Are there any MB beeps?
Does VC fan spin?
 
Work through our standard checklist and troubleshooting thread:
http://www.tomshardware.com/forum/261145-31-read-posting-boot-problems
I mean work through, not just read over it. We spent a lot of time on this. It should find most of the problems.

If not, continue.

I have tested the following beep patterns on Gigabyte, eVGA, and ECS motherboards. Other BIOS' may be different.

Breadboard - that will help isolate any kind of case problem you might have.
http://www.tomshardware.com/forum/262730-31-breadboarding

Breadboard with just motherboard, CPU & HSF, case speaker, and PSU.

Make sure you plug the CPU power cable in. The system will not boot without it.

I always breadboard a new build. It takes only a few minutes, and you know you are putting good parts in the case once you are finished.
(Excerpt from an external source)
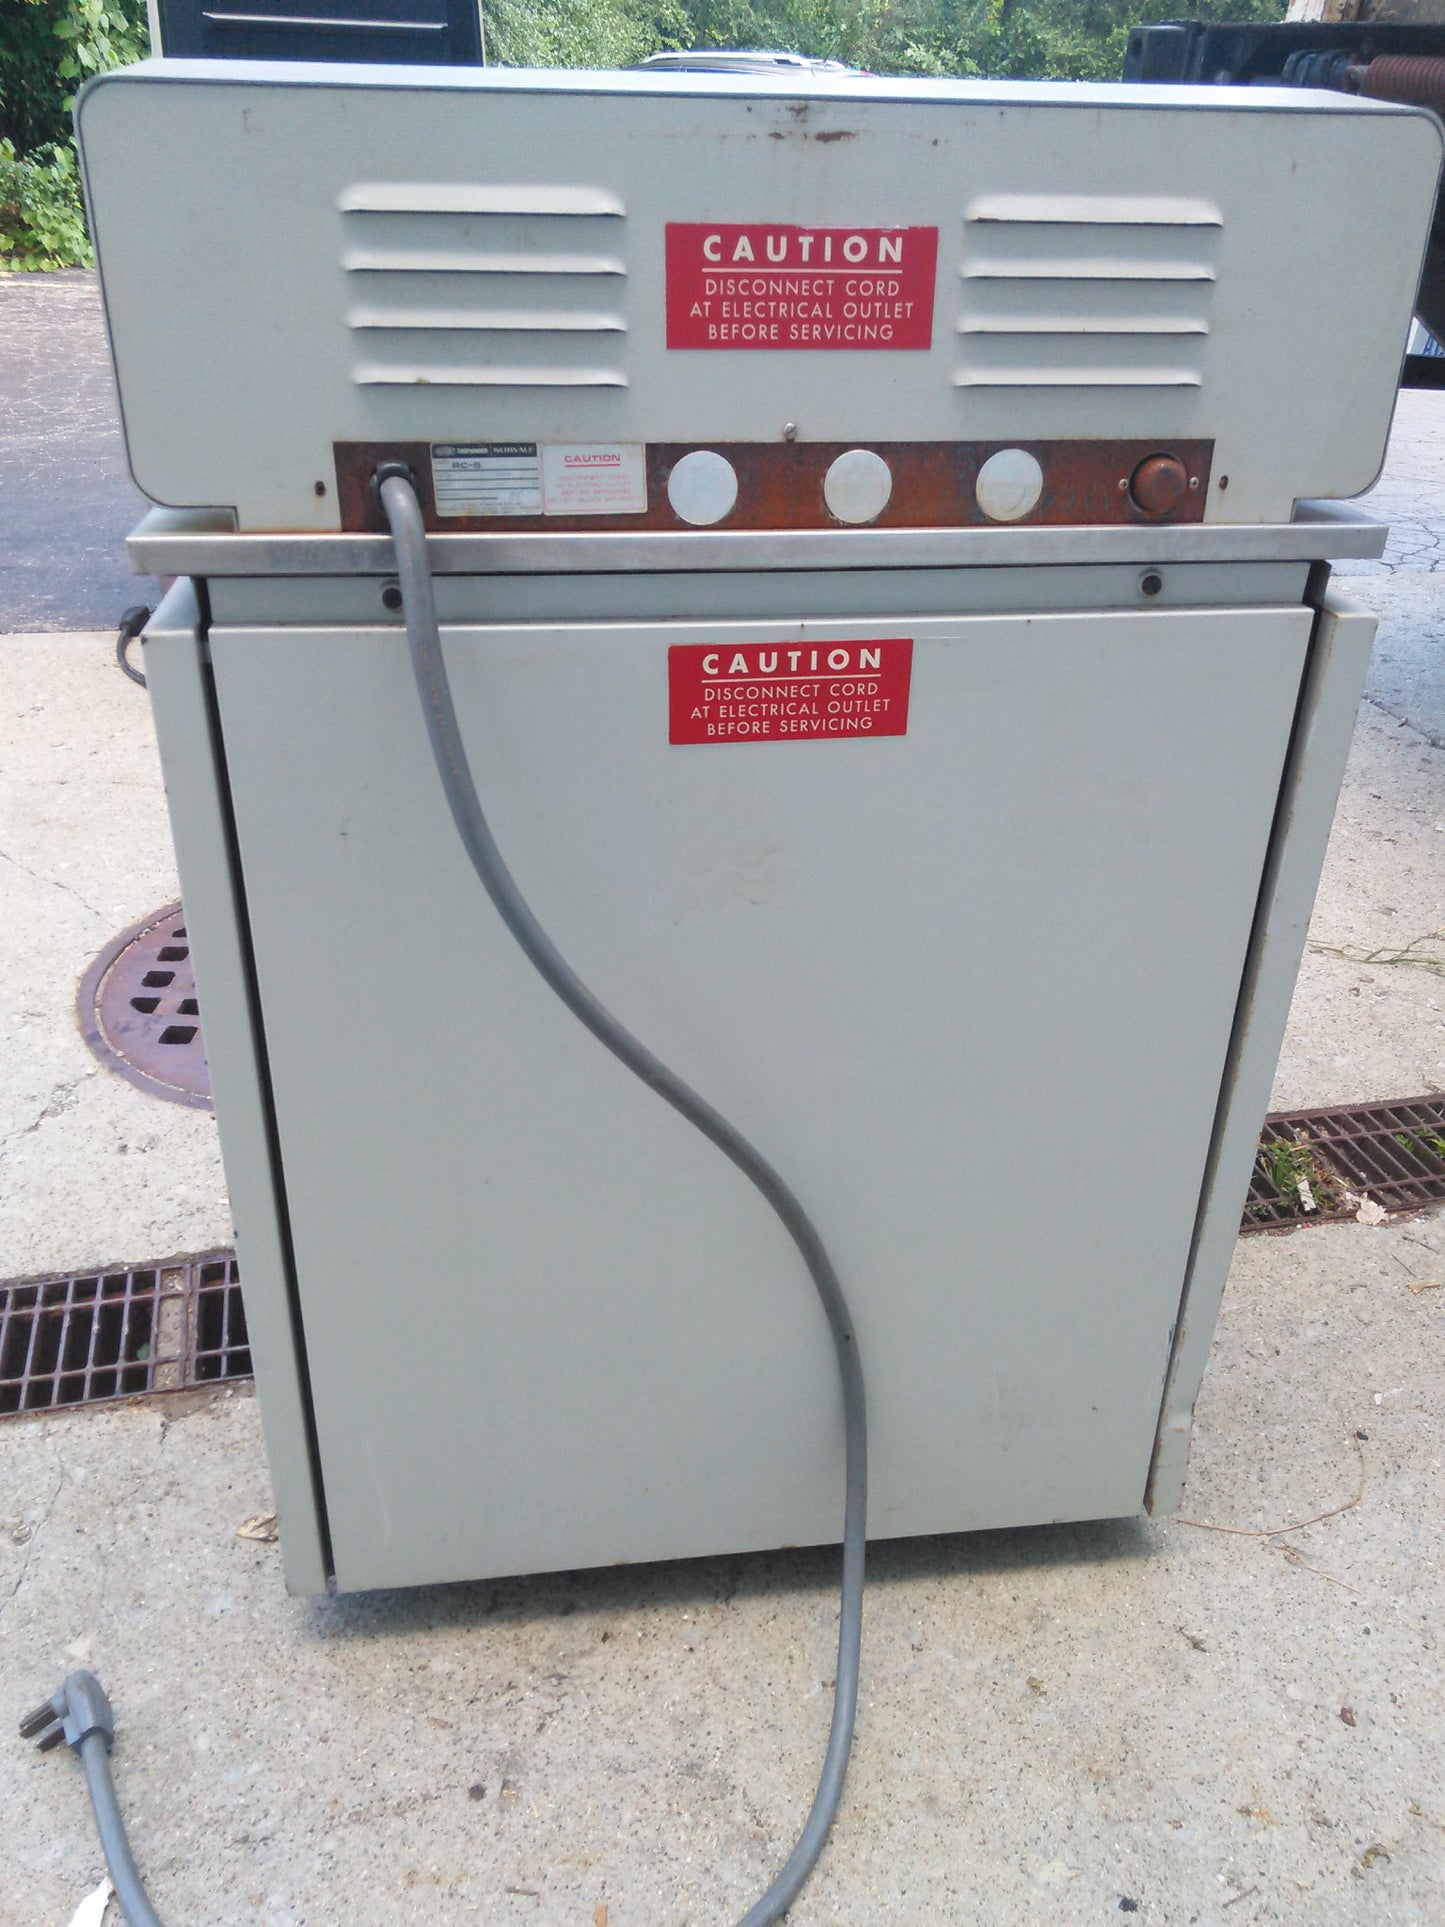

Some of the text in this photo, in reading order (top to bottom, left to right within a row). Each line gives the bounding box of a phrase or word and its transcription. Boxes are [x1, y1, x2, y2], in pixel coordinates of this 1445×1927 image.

You can turn on the PC by momentarily shorting the two pins that the case power switch goes to. You should hear a series of long, single beeps indicating memory problems. Silence indicates a problem with (in most likely order) the PSU, motherboard, or CPU. Remember, at this time, you do not have a graphics card installed so the load on your PSU will be reduced.

If no beeps:
Running fans and drives and motherboard LED's do not necessarily indicate a good PSU. In the absence of a single short beep, they also do not indicate that the system is booting.
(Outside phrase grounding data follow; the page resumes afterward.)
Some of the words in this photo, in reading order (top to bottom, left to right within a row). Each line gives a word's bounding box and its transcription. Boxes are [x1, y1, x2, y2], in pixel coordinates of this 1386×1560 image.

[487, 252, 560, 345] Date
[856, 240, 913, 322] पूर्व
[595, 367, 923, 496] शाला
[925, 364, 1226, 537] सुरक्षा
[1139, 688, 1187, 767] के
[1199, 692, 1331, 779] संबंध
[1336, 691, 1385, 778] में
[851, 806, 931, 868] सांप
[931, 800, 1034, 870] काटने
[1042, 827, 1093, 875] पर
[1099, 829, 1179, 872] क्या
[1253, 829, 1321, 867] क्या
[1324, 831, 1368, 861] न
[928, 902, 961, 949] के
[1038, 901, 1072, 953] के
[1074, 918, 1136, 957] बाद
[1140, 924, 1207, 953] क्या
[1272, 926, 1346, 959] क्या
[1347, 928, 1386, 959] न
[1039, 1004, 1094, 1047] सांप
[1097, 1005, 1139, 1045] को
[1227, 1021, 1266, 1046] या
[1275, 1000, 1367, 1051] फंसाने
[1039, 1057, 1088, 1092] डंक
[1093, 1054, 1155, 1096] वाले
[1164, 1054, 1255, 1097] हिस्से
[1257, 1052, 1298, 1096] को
At this point, you can sort of check the PSU. Try to borrow a known good PSU of around 550 - 600 watts. That will power just about any system with a single GPU. If you cannot do that, use a DMM to measure the voltages. Measure between the colored wires and either chassis ground or the black wires. Yellow wires should be 12 volts. Red wires: +5 volts, orange wires: +3.3 volts, blue wire : -12 volts, violet wire: 5 volts always on. Tolerances are +/- 5% except for the -12 volts which is +/- 10%.

The gray wire is really important. It should go from 0 to +5 volts when you turn the PSU on with the case switch. CPU needs this signal to boot.
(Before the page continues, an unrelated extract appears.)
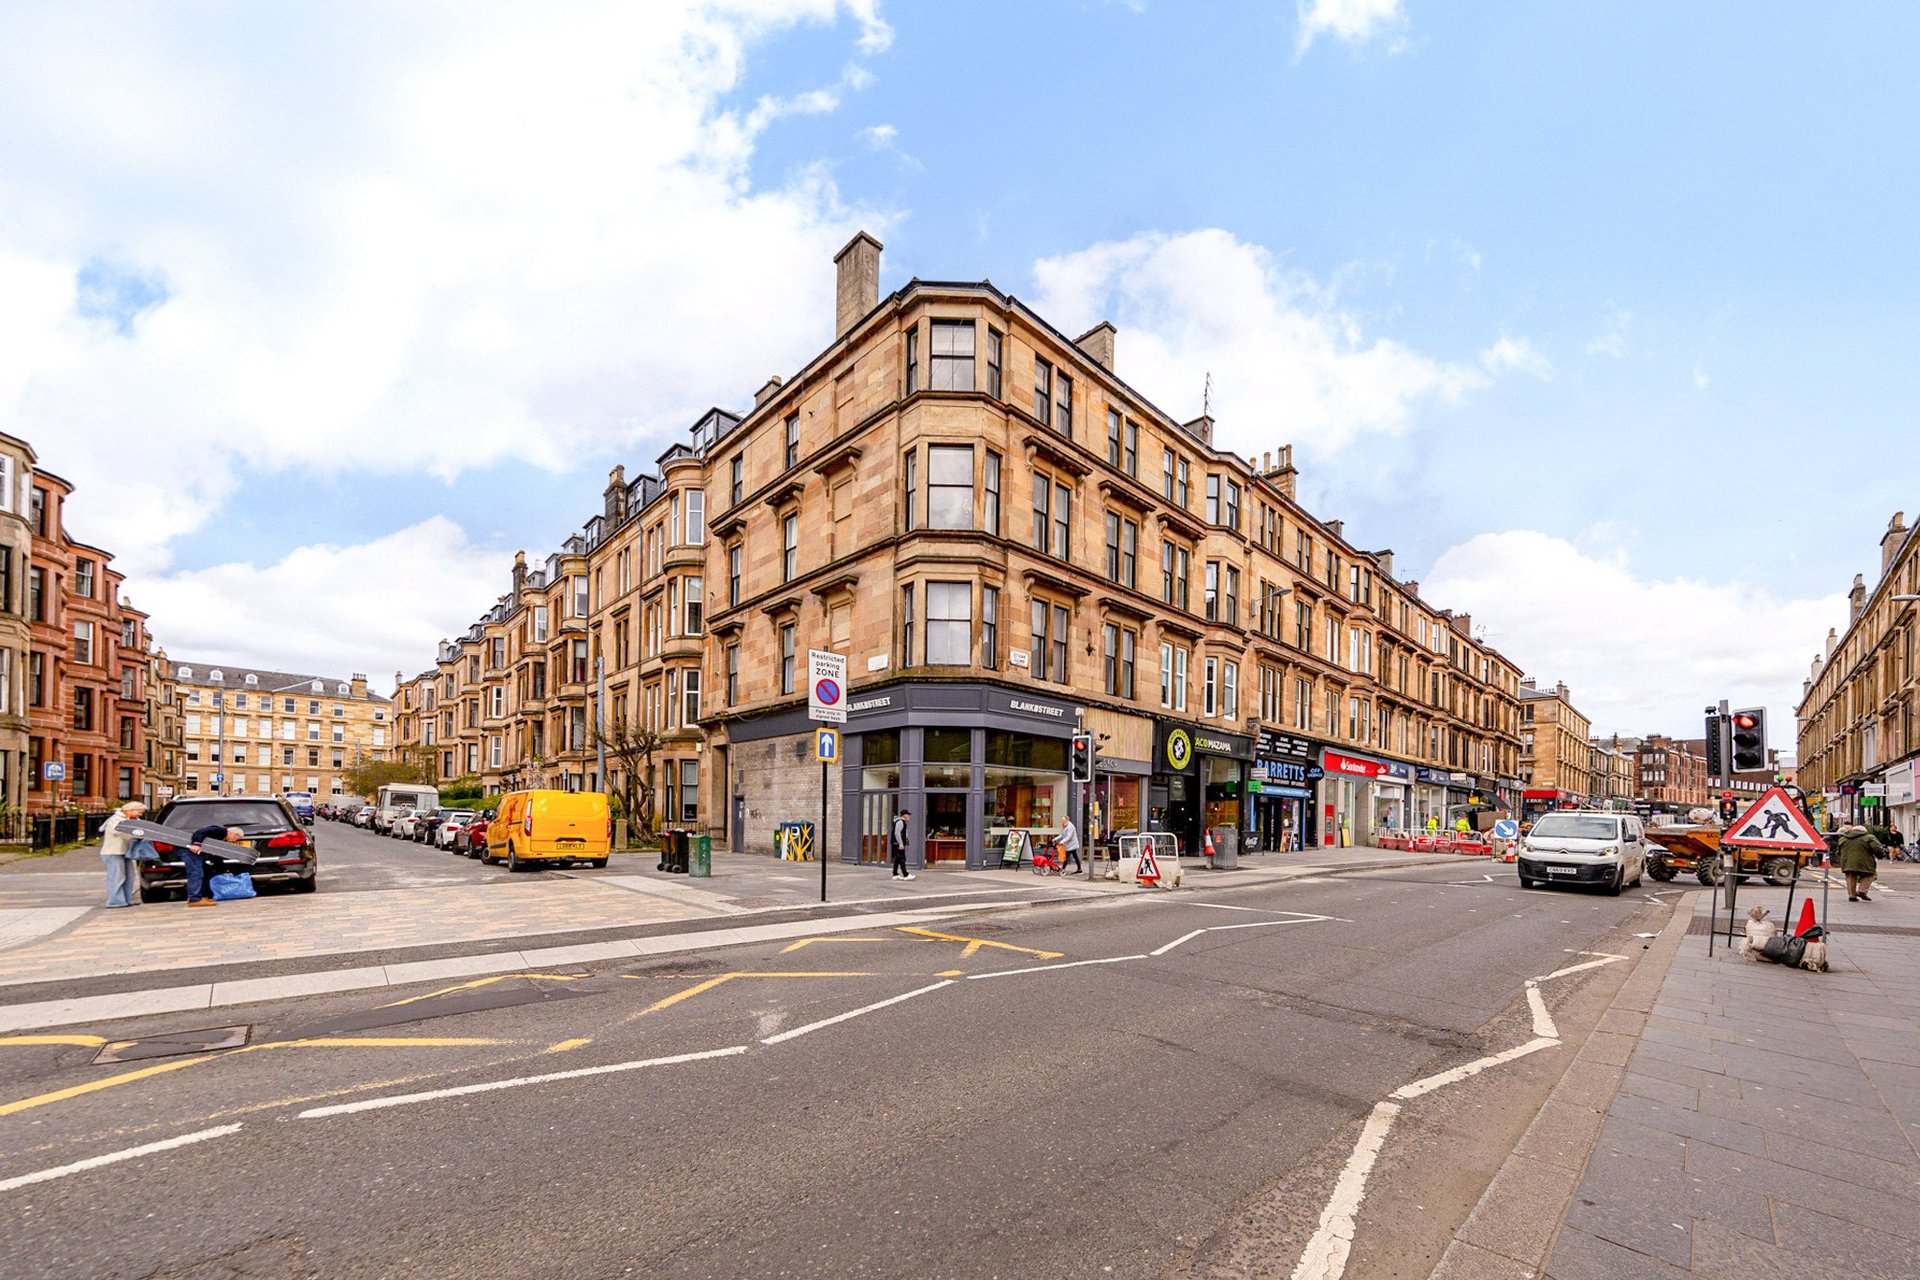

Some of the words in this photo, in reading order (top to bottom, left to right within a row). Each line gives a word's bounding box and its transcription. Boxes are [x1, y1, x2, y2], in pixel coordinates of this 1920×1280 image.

You can turn on the PSU by completely disconnecting the PSU and using a paperclip or jumper wire to short the green wire to one of the neighboring black wires.
http://www.youtube.com/watch?v=5FWXgQSokF4&feature=youtube_gdata

A way that might be easier is to use the main power plug. Working from the back of the plug where the wires come out, use a bare paperclip to short between the green wire and one of the neighboring black wires. That will do the same thing with an installed PSU. It is also an easy way to bypass a questionable case power switch.

This checks the PSU under no load conditions, so it is not completely reliable. But if it can not pass this, it is dead. Then repeat the checks with the PSU plugged into the computer to put a load on the PSU.

If the system beeps:
If it looks like the PSU is good, install a memory stick. Boot. Beep pattern should change to one long and several short beeps indicating a missing graphics card.

Silence or long single beeps indicate a problem with the memory.

Insert the video card and connect any necessary PCIe power connectors. Boot. At this point, the system should POST successfully (a single short beep). Notice that you do not need keyboard, mouse, monitor, or drives to successfully POST.
At this point, if the system doesn't work, it's either the video card or an inadequate PSU. Or rarely - the motherboard's PCIe interface.

Now start connecting the rest of the devices starting with the monitor, then keyboard and mouse, then the rest of the devices, testing after each step. It's possible that you can pass the POST with a defective video card. The POST routines can only check the video interface. It cannot check the internal parts of the video card.
 

Paperdoc

Polypheme
Ambassador
When you plugged the cable from monitor to computer into the back of the computer, where? Did you plug it into your video card, or into the output connector from the video system built into the mobo? Normally a new mobo has its BIOS set by default to use the on-board system if there is one (yours has), so you MUST connect your video cable to this source. Often the simplest, if you have a choice, is the VGA output and input to same on your monitor - that is the easy default system. AFTER you have the system running with video you can go into BIOS and change to the output you plan to use permanently.